══ SUPPLIED MATERIAL ══

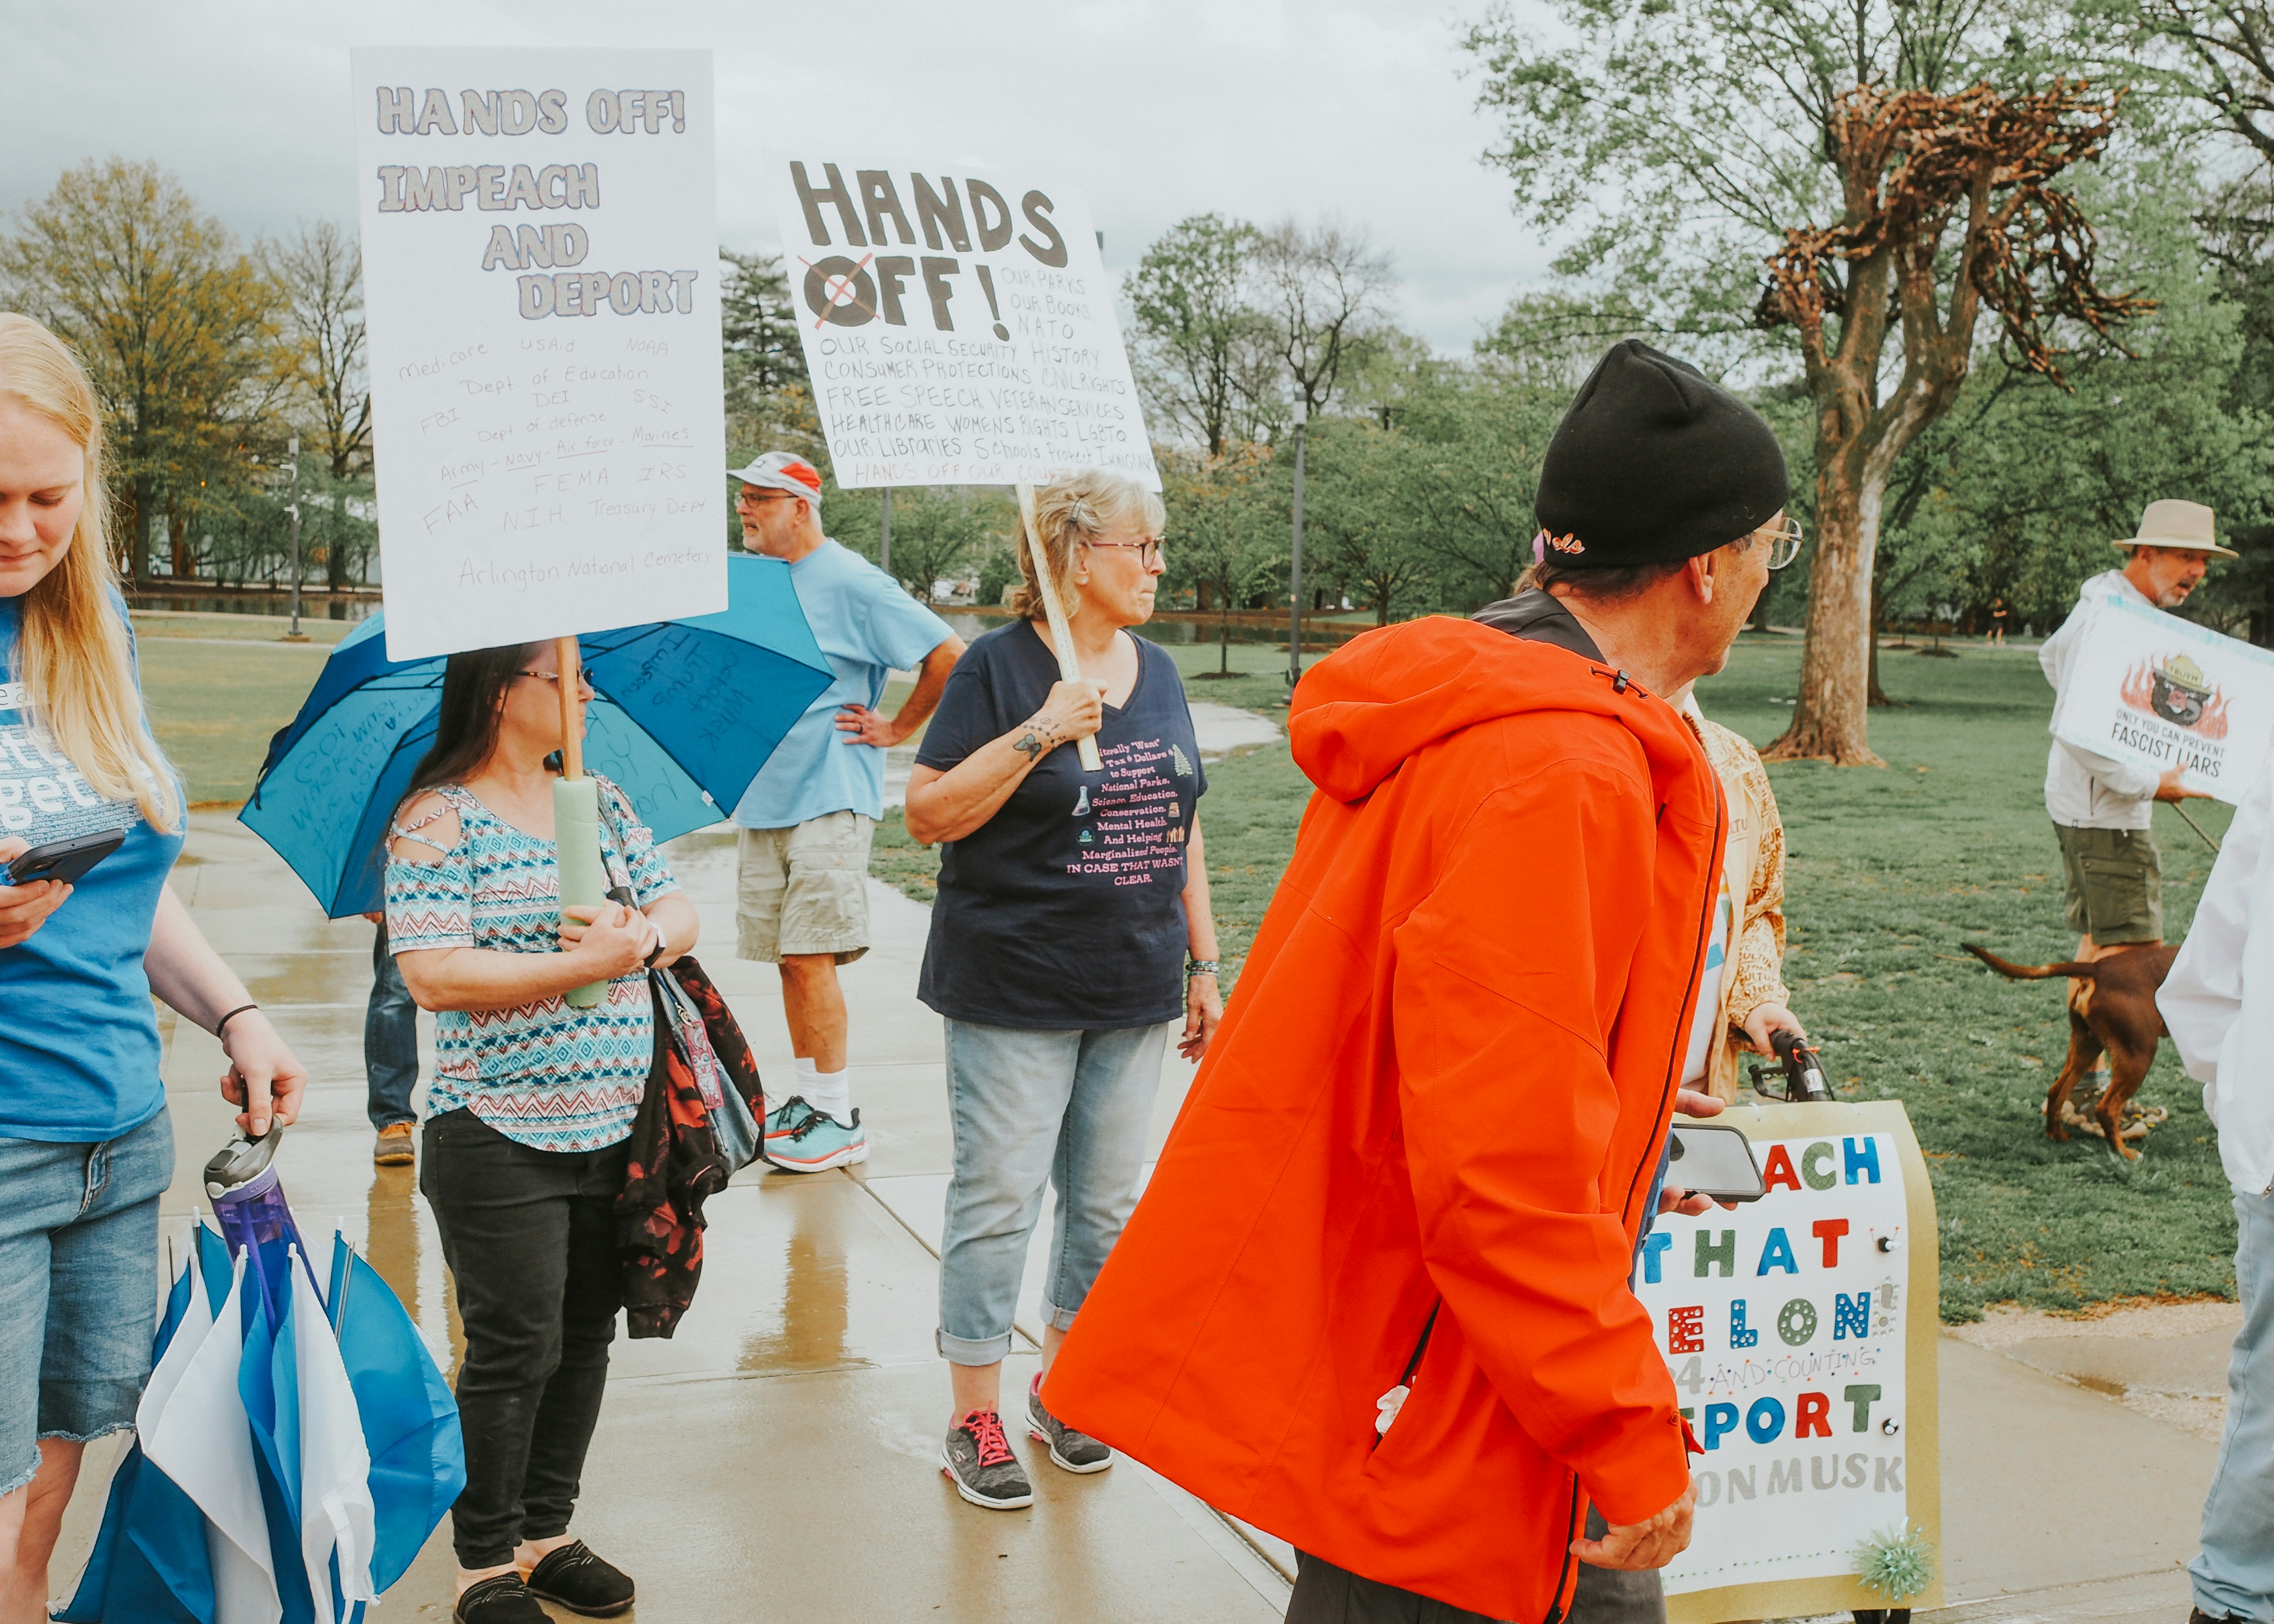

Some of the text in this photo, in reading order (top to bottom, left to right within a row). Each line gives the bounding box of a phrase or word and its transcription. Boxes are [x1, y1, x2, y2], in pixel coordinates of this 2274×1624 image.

[376, 86, 685, 135] HANDS OFF!
[378, 163, 600, 213] IMPEACH
[789, 161, 1068, 268] HANDS
[482, 223, 588, 270] AND
[1001, 267, 1085, 294] OUR PARKS
[517, 270, 698, 320] DEPORT
[804, 255, 1010, 342] OFF!
[1011, 294, 1091, 319] OUR BOOKS
[1019, 315, 1073, 339] NATO
[399, 343, 489, 381] Medicare
[625, 338, 669, 355] NOAA
[820, 337, 869, 356] OUR
[948, 340, 1016, 362] SECURITY
[1031, 340, 1100, 370] HISTORY
[532, 368, 550, 385] of
[564, 366, 648, 382] Education
[824, 360, 917, 380] CONSUMER
[923, 360, 1031, 384] PROTECTIONS
[827, 386, 890, 409] FREE
[900, 384, 982, 408] SPEECH
[420, 389, 672, 433] FBI DEI SSI
[526, 419, 541, 433] of
[549, 412, 607, 430] defense
[945, 415, 1014, 434] WOMENS
[1020, 414, 1068, 438] RIGHTS
[558, 441, 576, 454] Air
[632, 428, 689, 442] Marines
[834, 438, 874, 457] OUR
[534, 463, 688, 493] FEMA IRS
[856, 464, 917, 483] HANDS
[928, 464, 961, 478] OFF
[970, 464, 1001, 480] OUR
[588, 499, 656, 517] Treasury
[459, 546, 712, 592] Arlington National Cemetery
[2169, 666, 2199, 683] TRUTH
[2116, 708, 2225, 757] ONLY YOU CAN PREVENT
[1099, 744, 1130, 757] iterally
[1106, 751, 1168, 767] Tax Dollars
[2111, 723, 2222, 778] FASCIST LIARS
[1101, 778, 1138, 792] National
[1110, 766, 1156, 778] to Support
[1097, 820, 1132, 831] Mental
[1103, 832, 1163, 845] And Helping
[1067, 864, 1081, 873] IN
[1084, 863, 1119, 873] CASE
[1121, 860, 1150, 871] THAT
[1082, 846, 1149, 861] Marginalized
[1763, 1136, 1880, 1194] ACH
[1641, 1218, 1849, 1284] THAT
[1668, 1351, 1874, 1395] 4 AND COUNTING
[1679, 1385, 1881, 1453] PORT
[1767, 1453, 1903, 1495] MUSK
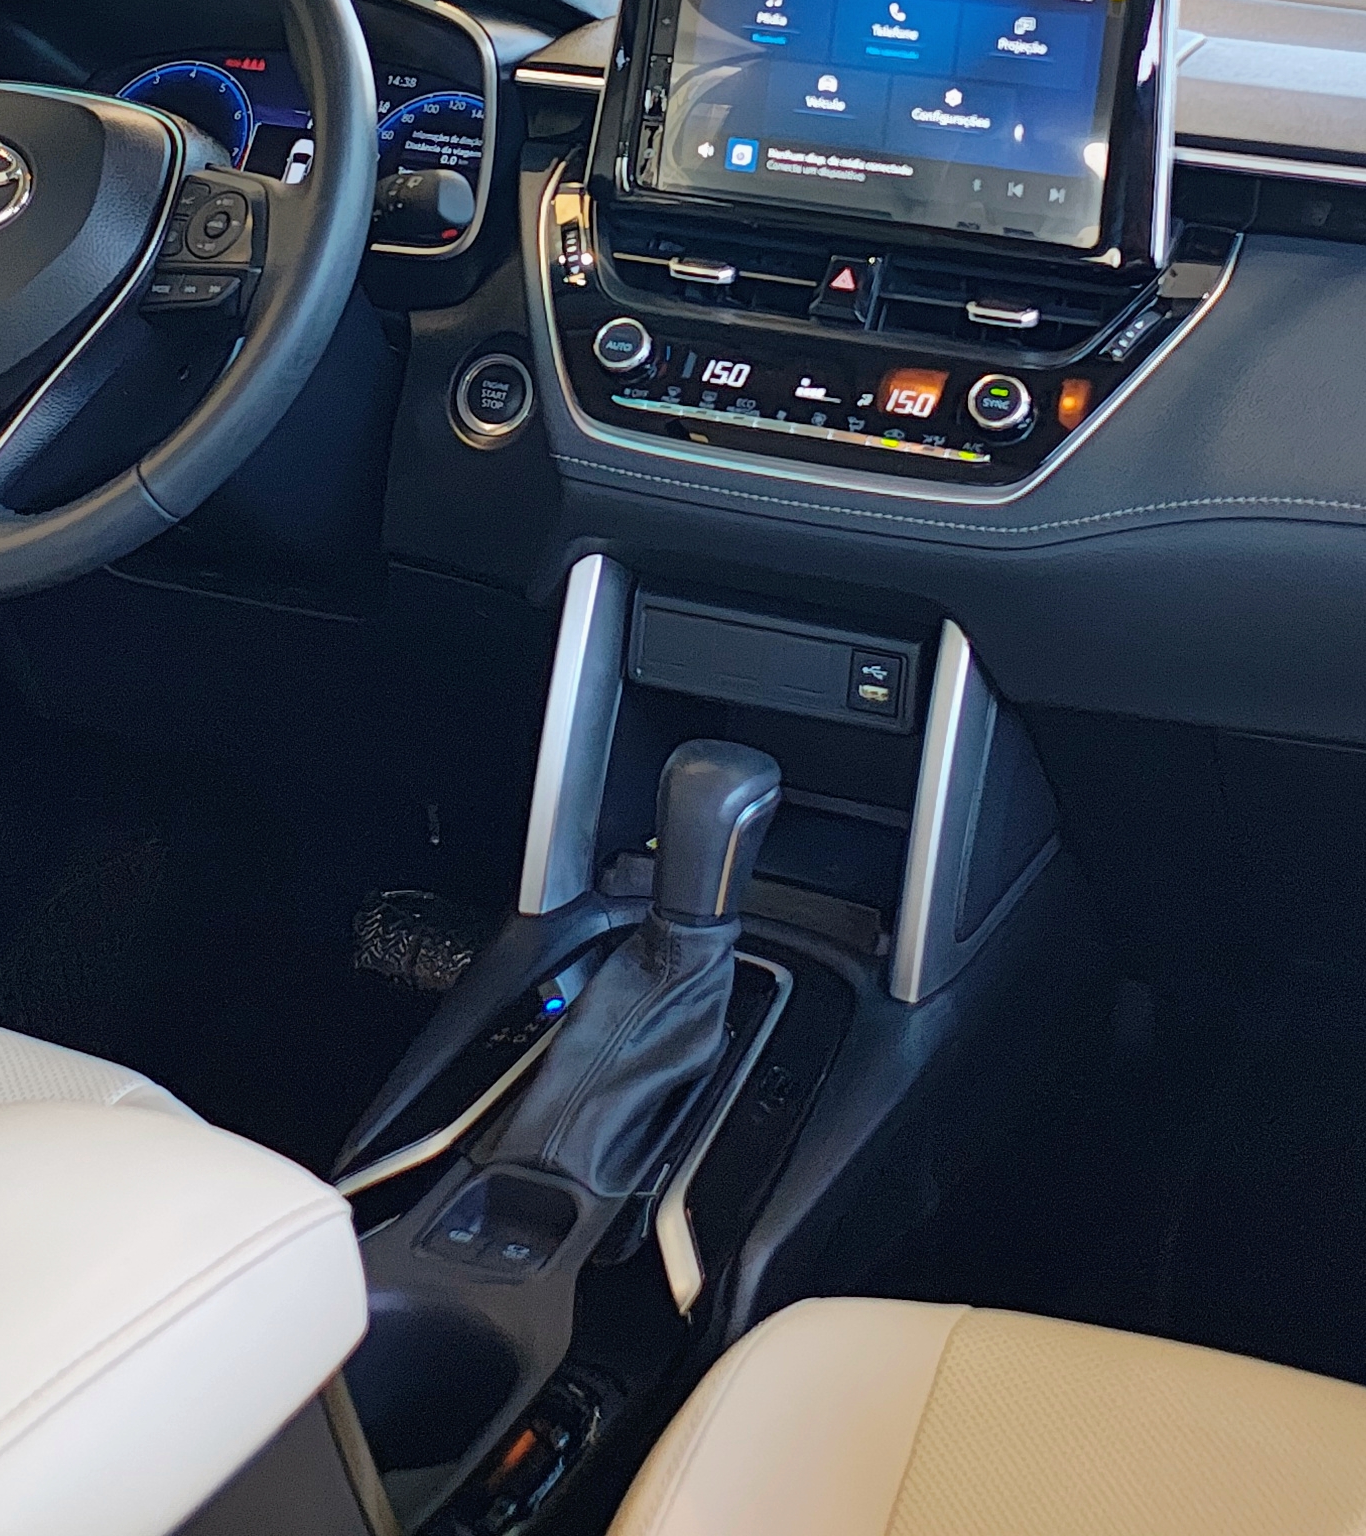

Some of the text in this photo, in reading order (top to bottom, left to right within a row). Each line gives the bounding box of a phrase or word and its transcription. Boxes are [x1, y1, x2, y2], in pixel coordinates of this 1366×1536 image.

[152, 75, 161, 85] 3
[387, 75, 418, 88] 14:38
[218, 83, 227, 93] 5
[422, 103, 440, 114] 100
[448, 100, 467, 111] 120
[234, 110, 243, 121] 6
[400, 112, 415, 124] 80
[911, 107, 991, 129] Configurações
[381, 130, 395, 141] 60
[440, 155, 458, 166] 0.0
[605, 340, 634, 353] AUTO
[481, 389, 507, 400] START
[481, 398, 504, 410] STOP
[982, 397, 1010, 411] SYNC
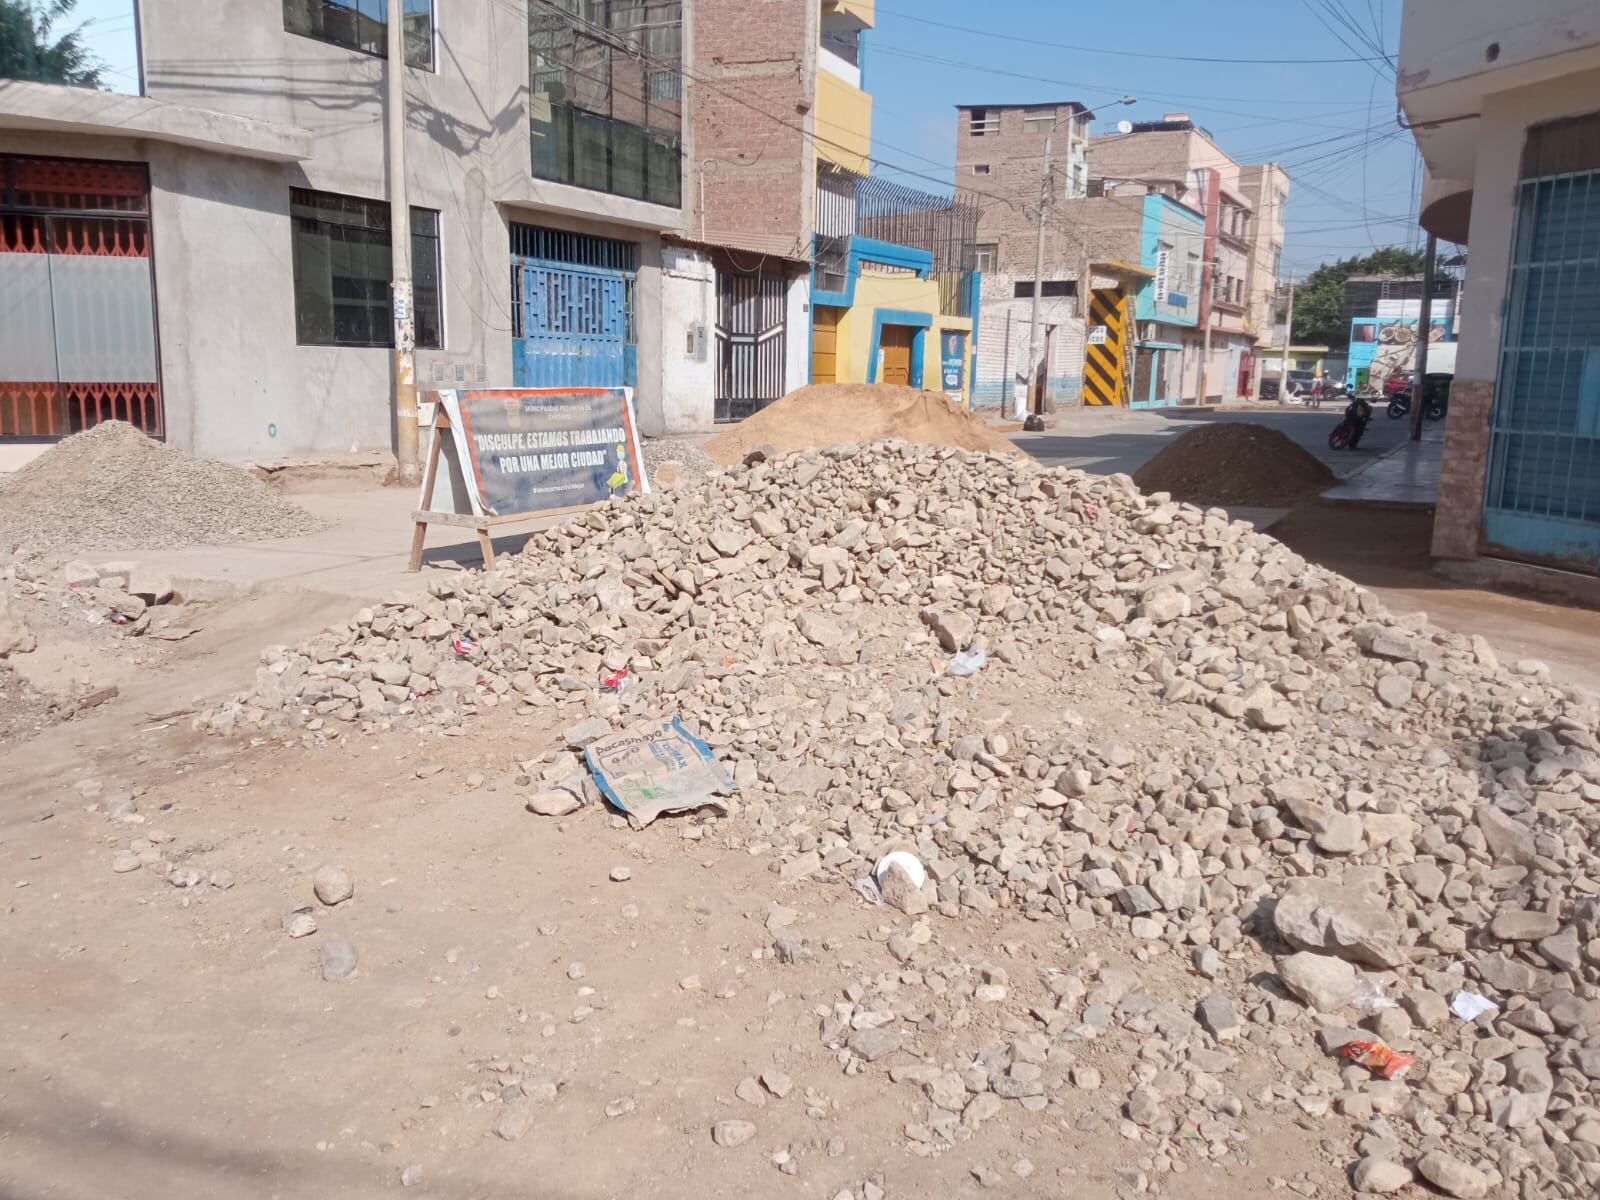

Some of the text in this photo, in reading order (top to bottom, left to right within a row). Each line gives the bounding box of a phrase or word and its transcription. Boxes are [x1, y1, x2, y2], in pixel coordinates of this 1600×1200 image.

═══

PROBLEM REQUIREMENTS —
All that is required is the lines from the line containing "this 1366×1536 image." through the end of the records above, copied exactly, and none of the pictures.

ANSWER TO THE PROBLEM —
Some of the text in this photo, in reading order (top to bottom, left to right within a row). Each line gives the bounding box of a phrase or word and its transcription. Boxes are [x1, y1, x2, y2], in pixel coordinates of this 1366×1536 image.

[152, 75, 161, 85] 3
[387, 75, 418, 88] 14:38
[218, 83, 227, 93] 5
[422, 103, 440, 114] 100
[448, 100, 467, 111] 120
[234, 110, 243, 121] 6
[400, 112, 415, 124] 80
[911, 107, 991, 129] Configurações
[381, 130, 395, 141] 60
[440, 155, 458, 166] 0.0
[605, 340, 634, 353] AUTO
[481, 389, 507, 400] START
[481, 398, 504, 410] STOP
[982, 397, 1010, 411] SYNC

Some of the text in this photo, in reading order (top to bottom, left to right within a row). Each line gives the bounding box of a phrase or word and its transcription. Boxes are [x1, y1, x2, y2], in pixel coordinates of this 1600×1200 image.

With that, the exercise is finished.